LIBERDADE – A relação entre liberdade e responsabilidade também é central nesse processo. A psicóloga cita uma reflexão atribuída a Kant para ilustrar essa construção. ‘Só é livre quem não precisa ser vigiado’, relembra. “A gente entende disso que quando é livre e sabe da consequência dos atos. Então eu não farei uma coisa errada ou algo que irá gerar uma consequência negativa para mim. Aí entra o ponto do pai e da mãe orientar esse adolescente a seguir os caminhos corretos. Inclusive, ele precisa se frustrar em alguns momentos”, pontua. A frustração, segundo ela, não deve ser evitada, mas compreendida como parte essencial do desenvolvimento emocional e da formação da autonomia.

PRIVACIDADE – A adolescência também traz a necessidade de mais privacidade, mas Kiara faz uma distinção importante entre privacidade e segredo absoluto. “A privacidade é diferente de segredo absoluto. É um período em que o adolescente começa a ter mais noção do que é certo e daquilo que é errado. Não pode se esquecer que o responsável por aquela pessoa é o pai e a mãe”, afirma.

Ela reforça a importância do diálogo aberto. “É essencial que tenha um diálogo aberto, com ‘ouvido’, como se fala. Tem que escutar o adolescente para criar um vínculo melhor, para que essa privacidade seja mais consciente”. A psicóloga também é enfática sobre o acompanhamento dos pais. “Eu não gosto de que adolescente tenha privacidade, particularmente. Sempre oriento os pacientes e as famílias que eles precisam saber o que está acontecendo, com quem está conversando e o que está vindo de conteúdo para o filho.”

SINAIS DE ALERTA – Nem todo comportamento diferente indica um transtorno mental. No entanto, é preciso atenção aos sinais que se prolongam ou se intensificam. “Quando falamos de um transtorno mental, é necessário prestar atenção o quanto tempo ele fica isolado, se ele perdeu muito a vontade de fazer as coisas que gostava de fazer, porque tem coisas que são realmente da própria fase”, explica.

Ela destaca ainda alterações no sono, na alimentação e no comportamento emocional como indicativos importantes. Conforme a psicóloga explica, uma apatia prolongada é um sinal claro de alerta e exige atenção conjunta da família e, muitas vezes, da escola. “Às vezes come muito ou para de comer, sendo que o comportamento de parar de comer é mais das meninas por uma questão de pressão social, por conta das redes sociais, estética e autoimagem. Já os meninos, normalmente, vão buscar coisas diferentes”, relata.

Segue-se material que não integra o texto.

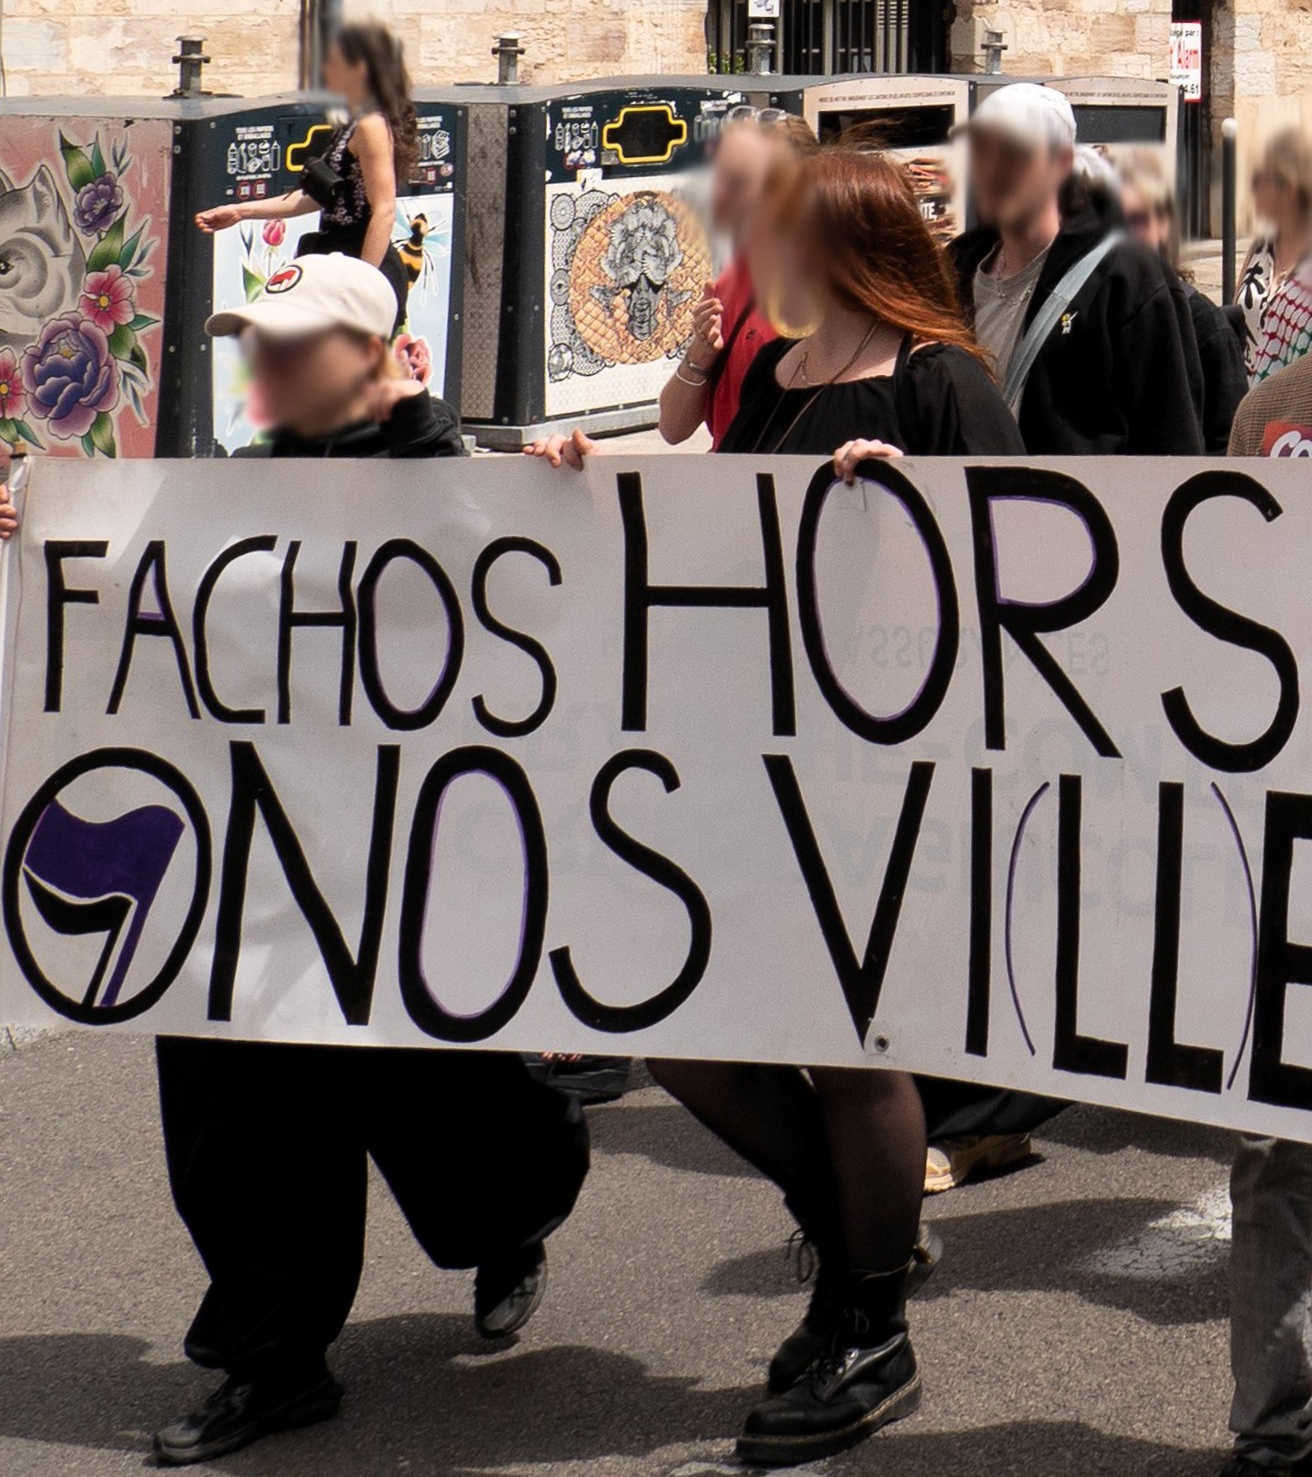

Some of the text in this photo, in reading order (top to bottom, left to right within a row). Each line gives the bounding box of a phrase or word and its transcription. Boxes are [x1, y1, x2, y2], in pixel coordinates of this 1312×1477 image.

[44, 534, 562, 738] FACHOS
[620, 460, 1300, 774] HORS
[207, 740, 712, 1044] NOS

VIDA SOCIAL – A interação social presencial também é essencial nesse processo. “É preciso estar com pessoas e olhar no olho. Quando se precisa estar com um amigo e não gosta de uma determinada situação, é necessário resolver olhando no olho”, afirma. Conforme descreve Kiara, essas experiências são fundamentais para a vida adulta, especialmente no ambiente de trabalho, onde habilidades de comunicação e posicionamento são constantemente exigidas.

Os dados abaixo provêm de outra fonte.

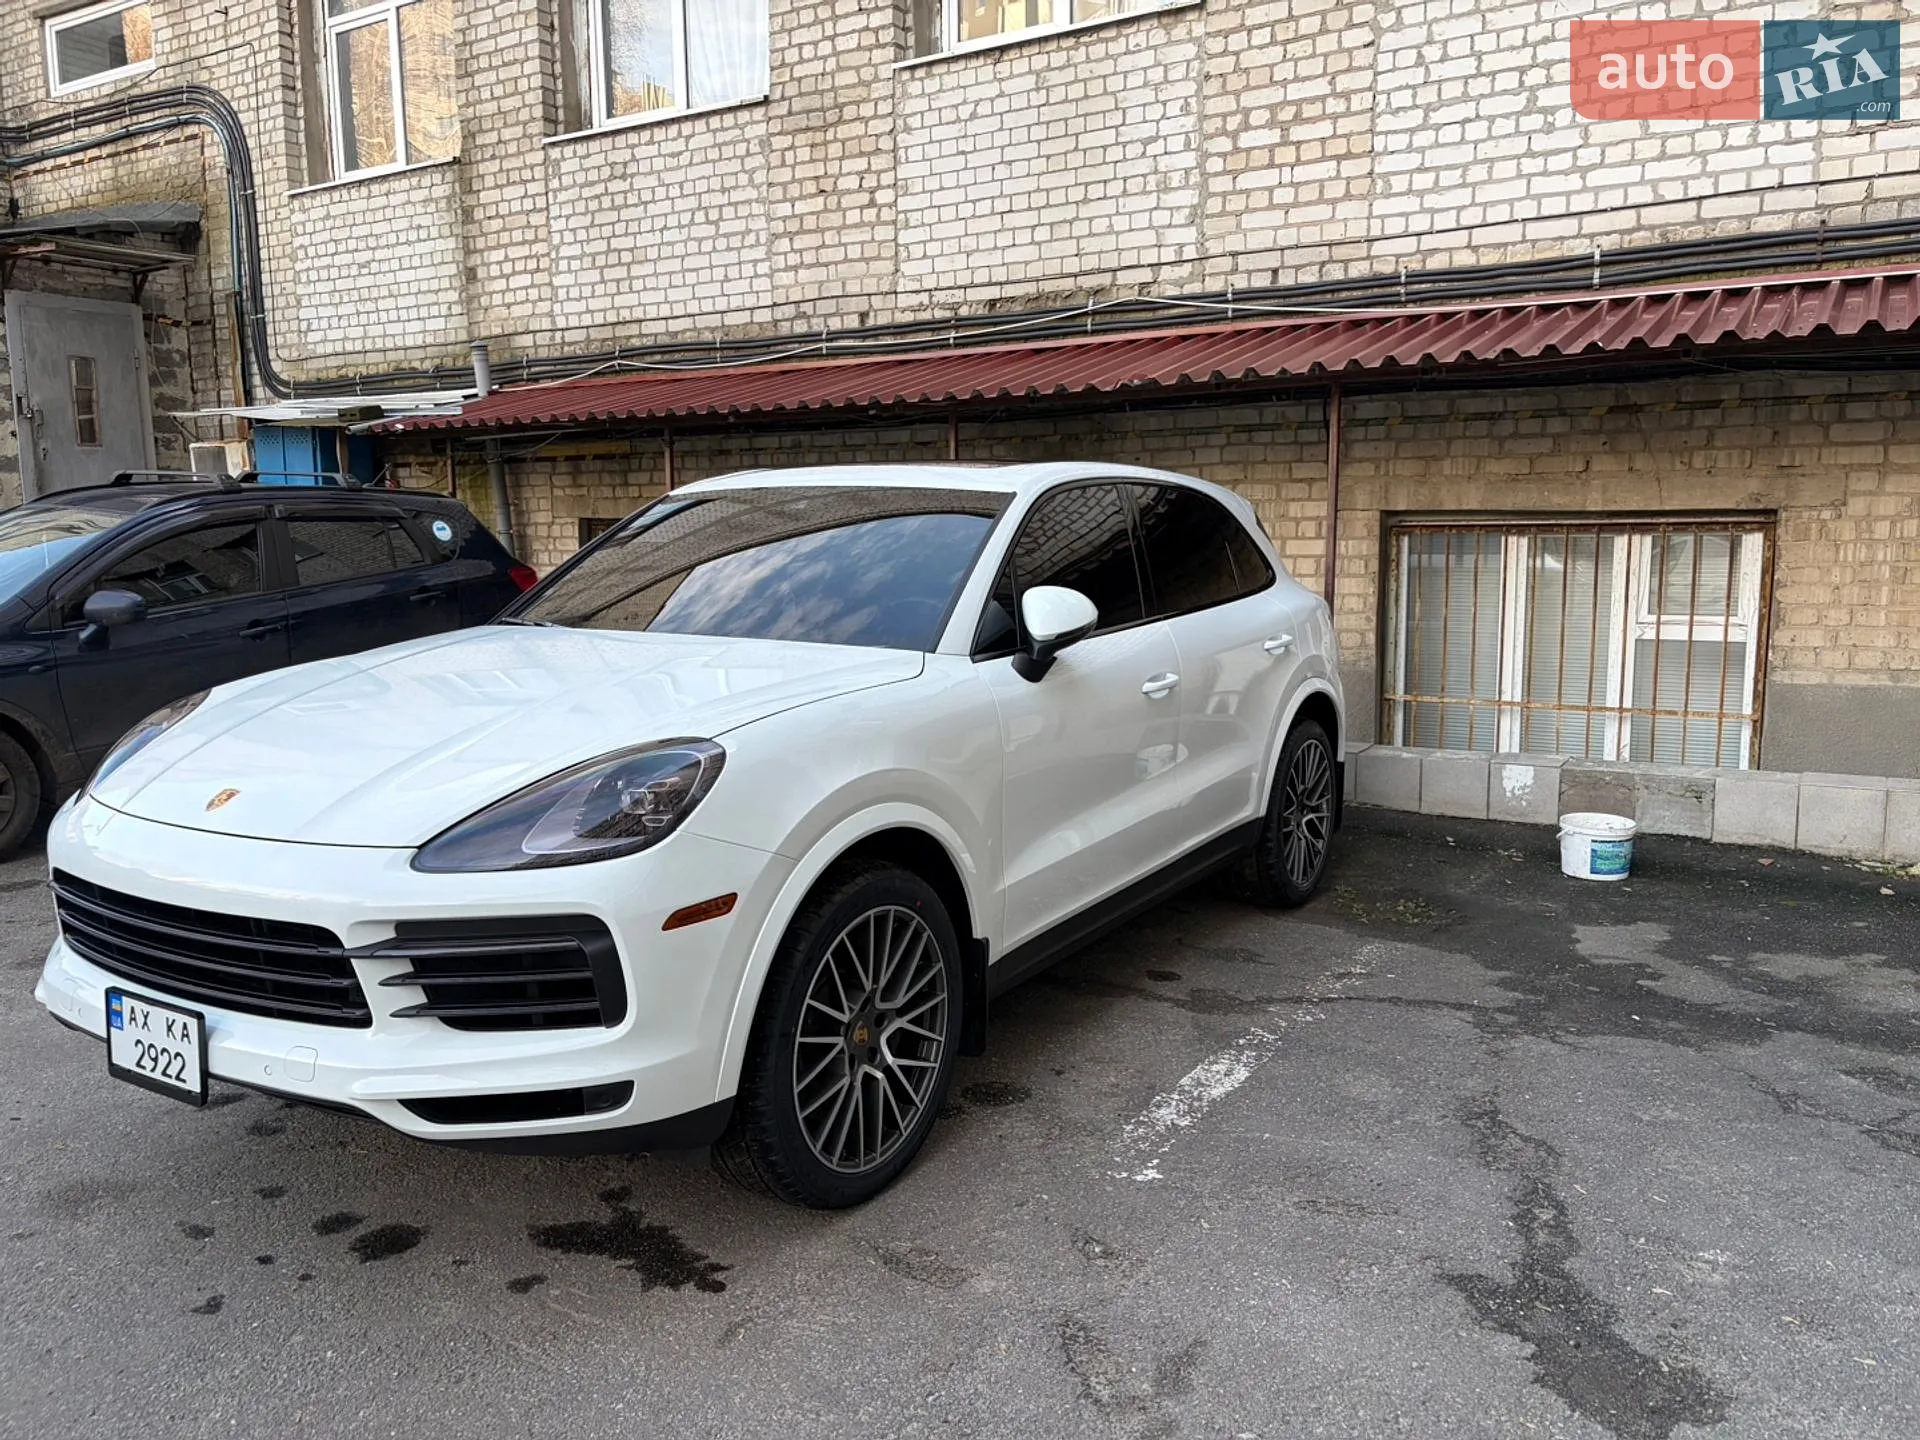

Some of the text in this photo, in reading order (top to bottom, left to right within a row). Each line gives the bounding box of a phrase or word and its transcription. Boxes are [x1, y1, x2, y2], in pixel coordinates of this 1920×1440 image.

[128, 1005, 191, 1045] AX KA
[134, 1038, 187, 1084] 2922

ROTINA – A rotina também exerce papel central na saúde mental dos adolescentes. Mesmo em períodos de férias, a psicóloga ressalta a importância de manter uma certa previsibilidade. “A rotina é essencial, assim como se fala da rotina desde quando é bebê. Quando é adolescente, ela também precisa permanecer”, explica e complementa que “o principal é a regulação do sono, justamente por ajudar no desenvolvimento hormonal e físico. A atividade física é importantíssima, eles precisam estar em movimento, pois é um dos pilares da saúde mental e da sua regulação emocional”, alerta.

ESCUTA ATIVIDA – Para Kiara, educar é um processo desafiador tanto para os pais quanto para os filhos. “A dor que o adolescente vai sentir, o pai também vai sentir”, afirma. No entanto, ela reforça que o diálogo e a escuta validam os sentimentos do jovem. “Não quer dizer que se concorda com tudo que o filho está fazendo. Mas, quando tem uma escuta para ele, você valida o que ele está sentindo e isso gera uma confiança.” Essa confiança, conforme revela, é a base para a formação de adultos emocionalmente saudáveis, capazes de lidar com frustrações, se posicionar diante da vida e construir relações mais equilibradas.